Rita Capitan has been worried about her water since 1994. It was that fall that she read a local newspaper article about another. uranium mine, the Crownpoint Uranium Project, underway near her home.
Capitan has spent his entire life in Crownpoint, New Mexico, a small town in the eastern Navajo Nation, and is no stranger to uranium mining that has persisted in the region for decades. But it was around the time the article was published that she began to learn about the many risks associated with uranium mining.
“As members of the community, we couldn’t just sit back and watch another business come in and take what is very precious to us. And that’s water – our water, ”Capitan said.
To this end, Capitan and her husband, Mitchell, founded Eastern Navajo Diné Against Uranium Mining (Endaum). The group’s fight against uranium mining in their home country has continued for nearly three decades, although the industry’s disastrous health and environmental effects have been common knowledge for years.
Capitan’s most recent concerns are with Canadian mining company Laramide Resources, which, through its US subsidiary NuFuels, holds a federal mining license for Crownpoint and nearby Church Rock. Due to the speed at which operations like this can take place, Laramide has not started mining in these areas, but is getting closer by the day.
While the U.S. legal system hasn’t given them much recourse to fight mining, Capitan and other members of the community see new hope in the Inter-American Commission on Human Rights.

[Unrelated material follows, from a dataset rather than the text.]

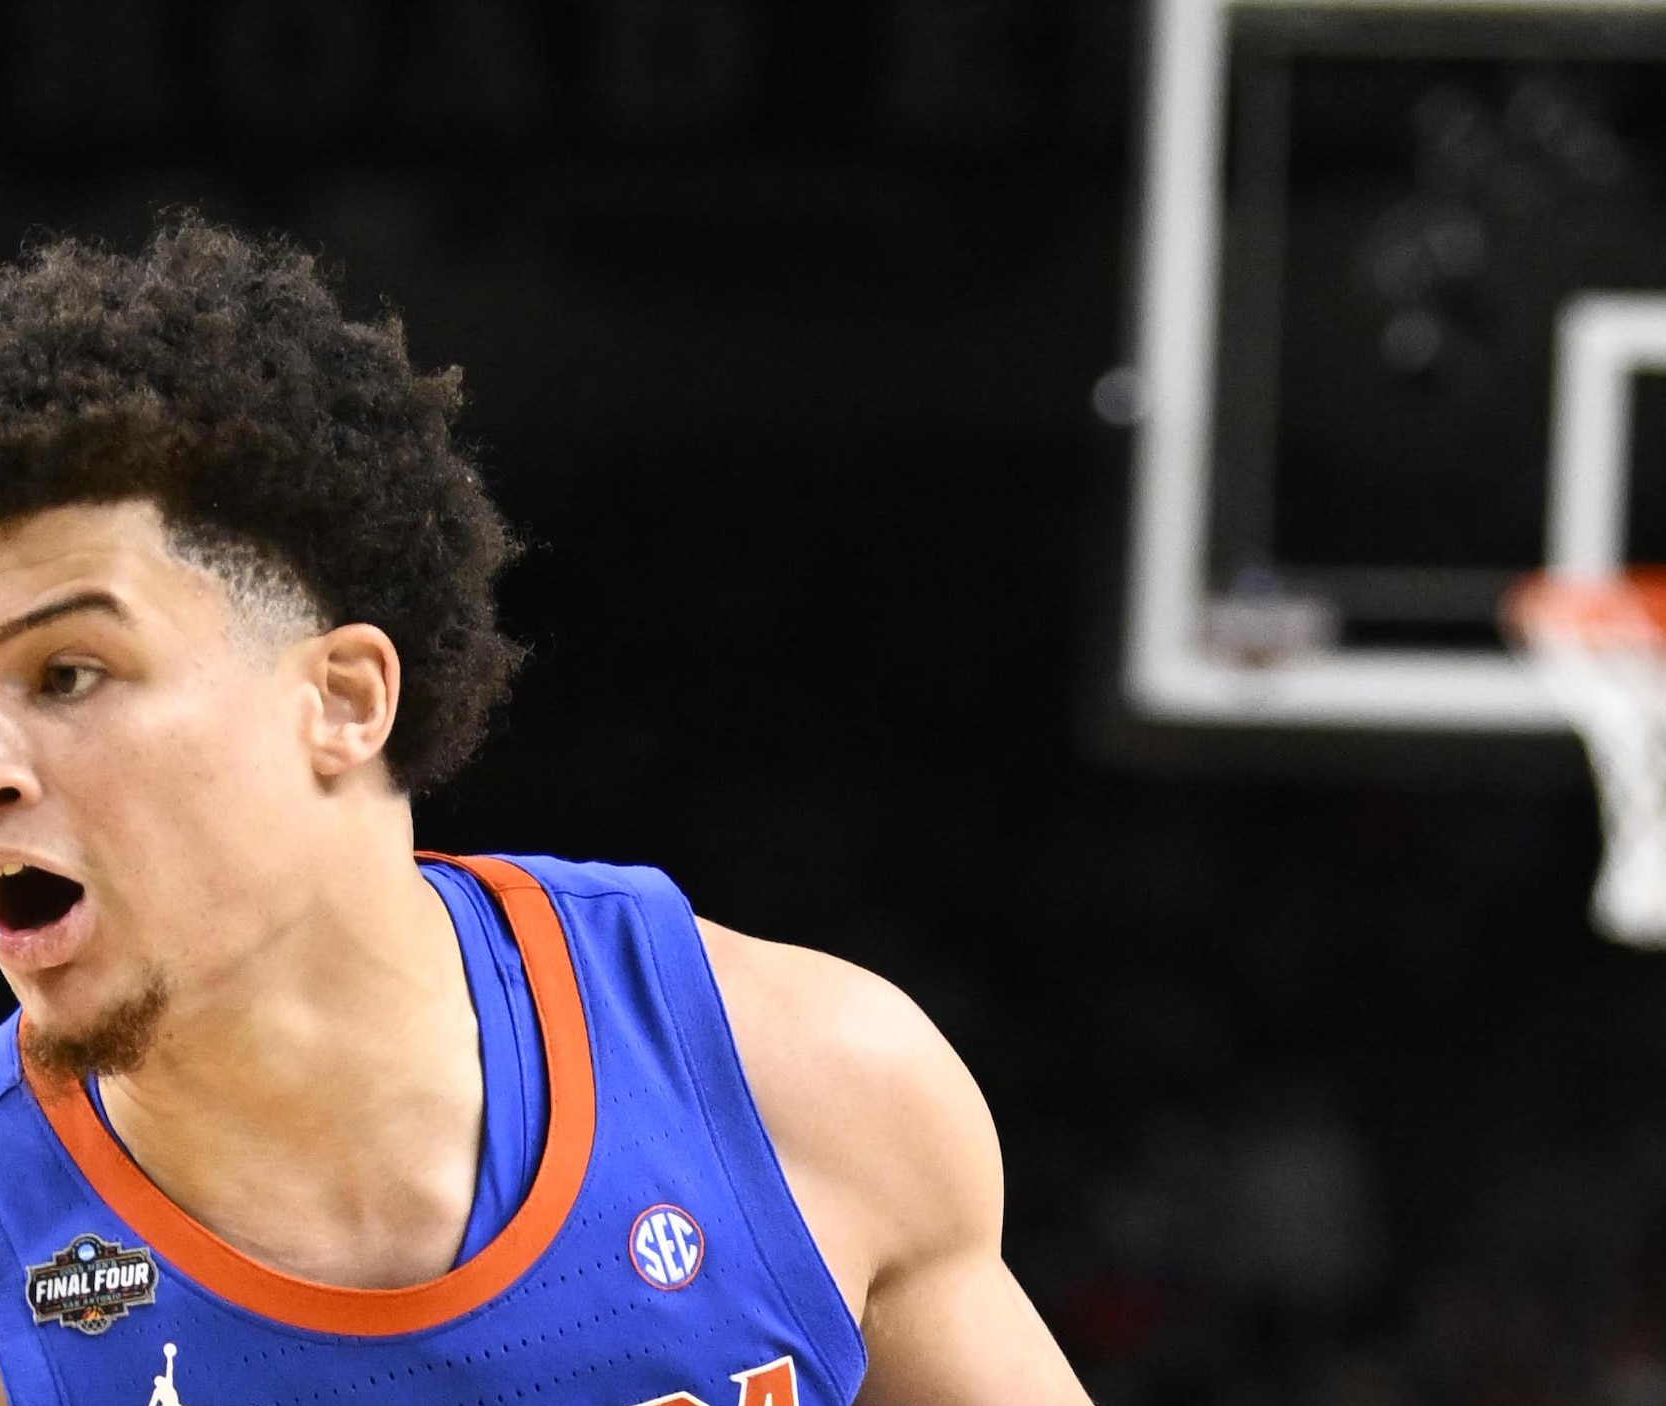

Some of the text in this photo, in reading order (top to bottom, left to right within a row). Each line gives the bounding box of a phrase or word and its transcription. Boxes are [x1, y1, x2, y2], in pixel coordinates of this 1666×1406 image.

[636, 1211, 698, 1284] SEC
[36, 1262, 149, 1303] FINAL FOUR

Endaum and the New Mexico Environmental Law Center filed substantial evidence with the commission last week, alleging that the US government and its Nuclear Regulatory Commission (NRC) violated their human rights by allowing uranium mines in their communities.
The petition to the commission will not necessarily provide Endaum with legal recourse. However, a favorable recommendation could help them in future legal proceedings against uranium mining projects while also guiding future advocacy on mining policy, said Eric Jantz, senior attorney at the New Mexico Environmental Law Center.
He said it would also be a form of justification: “There is a moral value in an international human rights body exposing the abuses of the nuclear industry and the complicity of the US government in these. abuse. “
While these mines have yet to begin operating, the looming threat hangs over the heads of local residents – especially given the murderous history of mining for radioactive metal on the Navajo Nation since the war. cold.
“There are four generations of Navajo who have had to deal with the existing contamination and who basically live in the middle of or next to radioactive waste dumps,” Jantz said. “And the federal government has ignored these communities for the past 70 years. “
The type of mine in question uses in situ leaching (ISL) technology, also known as in situ scope (ISR), the most common form of uranium mining. This involves drilling holes in the earth to reach the mineral deposit. A chemical solution is pumped underground, often into the aquifer, to dissolve the uranium deposit. This solution is then pumped to the surface with the mineral in tow for processing.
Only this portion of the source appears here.